Application of Big Data Analytics and Machine Learning to Large-Scale Synchrophasor Datasets: Evaluation of Dataset ''Machine Learning-Readiness''
Philip Hart, Lijun He, Tianyi Wang, Vijay S. Kumar, Kareem Aggour, Arun Subramanian, and Weizhong Yan
IEEE Members: Free
Non-members: FreePages/Slides: 12
This manuscript presents a data quality analysis and holistic 'machine learning-readiness' evaluation of a representative set of large-scale, real-world phasor measurement unit (PMU) datasets provided under the United States Department of Energy-funded FOA 1861 research program. A major focus of this study is to understand the present-day suitability of large-scale, real-world synchrophasor datasets for application of commercially-available, off-the-shelf big data and supervised or semi-supervised machine learning (ML) tools and catalogue any major obstacles to their application. To this end, dataset quality is methodically examined through an interconnect-wide quantifications of basic bad data occurrences, a summary of several harder-to-detect data quality issues that can jeopardize successful application of machine learning, and an evaluation of the adequacy of event log labeling for supervised training of models used for online event classification. A global 'six-point' statistical analyses of several key dataset variables is demonstrated as a means by which to identify additional hard-to-detect data quality issues, also providing an example successful application of big data technology to extract insights regarding reasonable operational bounds of the US power system.
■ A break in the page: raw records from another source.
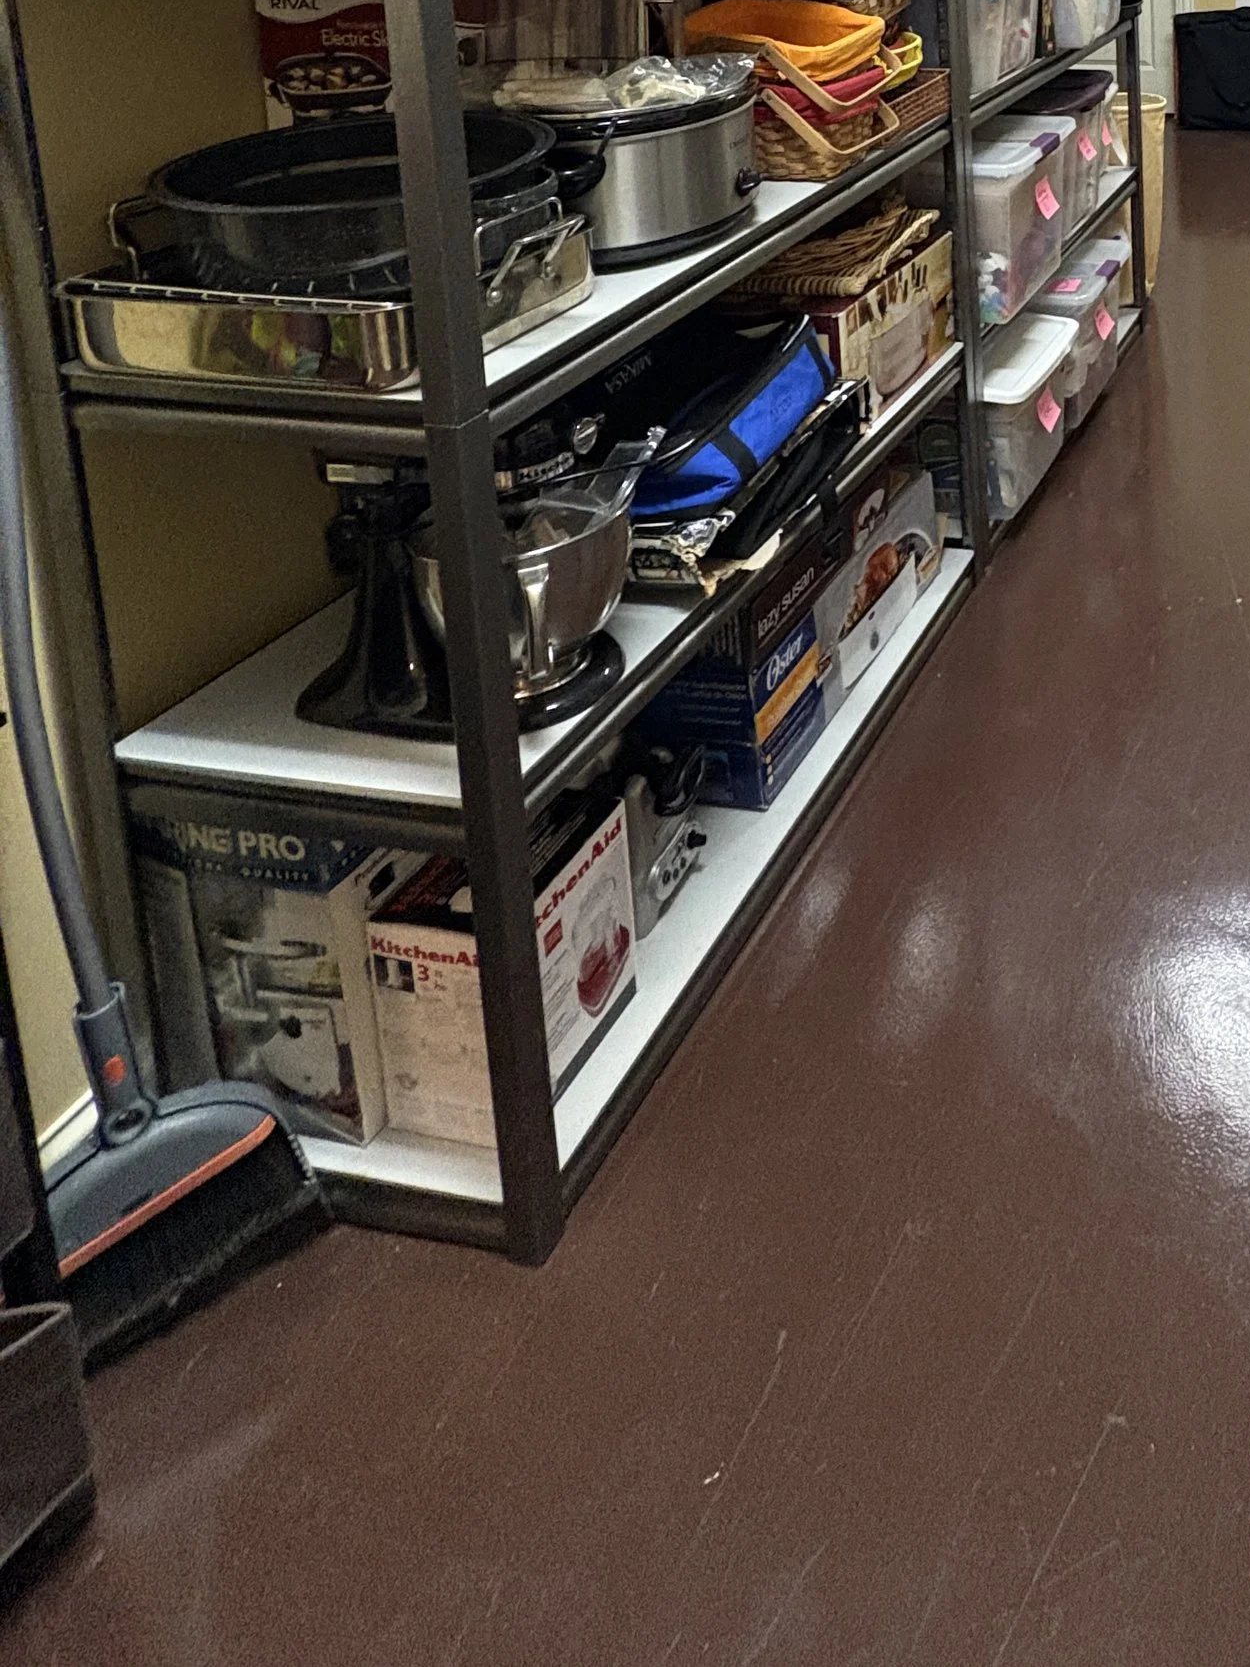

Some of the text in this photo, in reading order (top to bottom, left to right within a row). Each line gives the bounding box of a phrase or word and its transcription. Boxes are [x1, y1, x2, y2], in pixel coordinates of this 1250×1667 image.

[321, 28, 370, 46] Electric
[757, 566, 815, 641] lazy susan
[765, 631, 804, 692] Oster
[236, 828, 308, 863] PRO
[240, 866, 311, 883] QUALITY
[536, 816, 622, 930] tchenAid
[370, 935, 480, 968] KitchenAi
[416, 963, 430, 983] 3
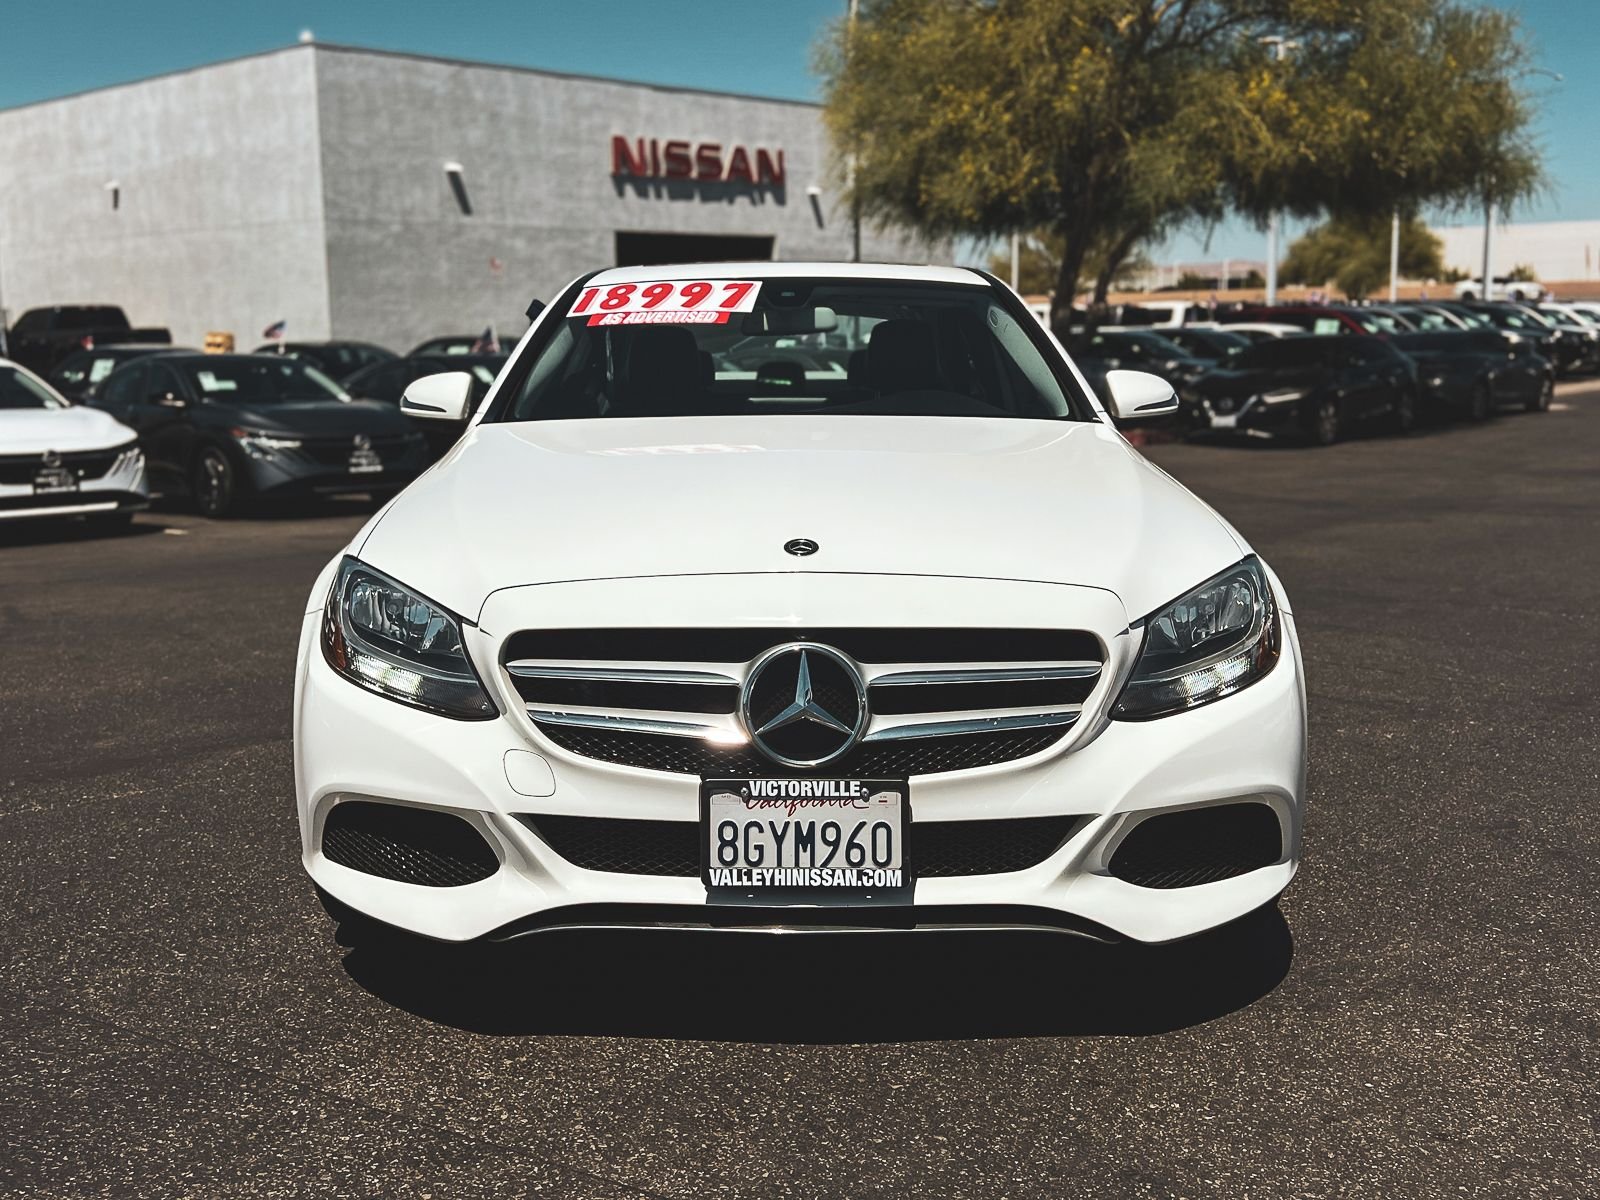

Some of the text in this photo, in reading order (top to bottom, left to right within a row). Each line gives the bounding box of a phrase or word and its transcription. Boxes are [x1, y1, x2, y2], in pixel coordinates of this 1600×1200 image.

Obstacles for application of commercial ML technologies are summarized, with a particular focus on supervised and semi-supervised ML. Lessons-learned are provided regarding challenges associated with present-day event labeling practices, large spatial scope of the dataset, and dataset anonymization. Finally, insight into efficacy of employed mitigation strategies are discussed, and recommendations for future work are made.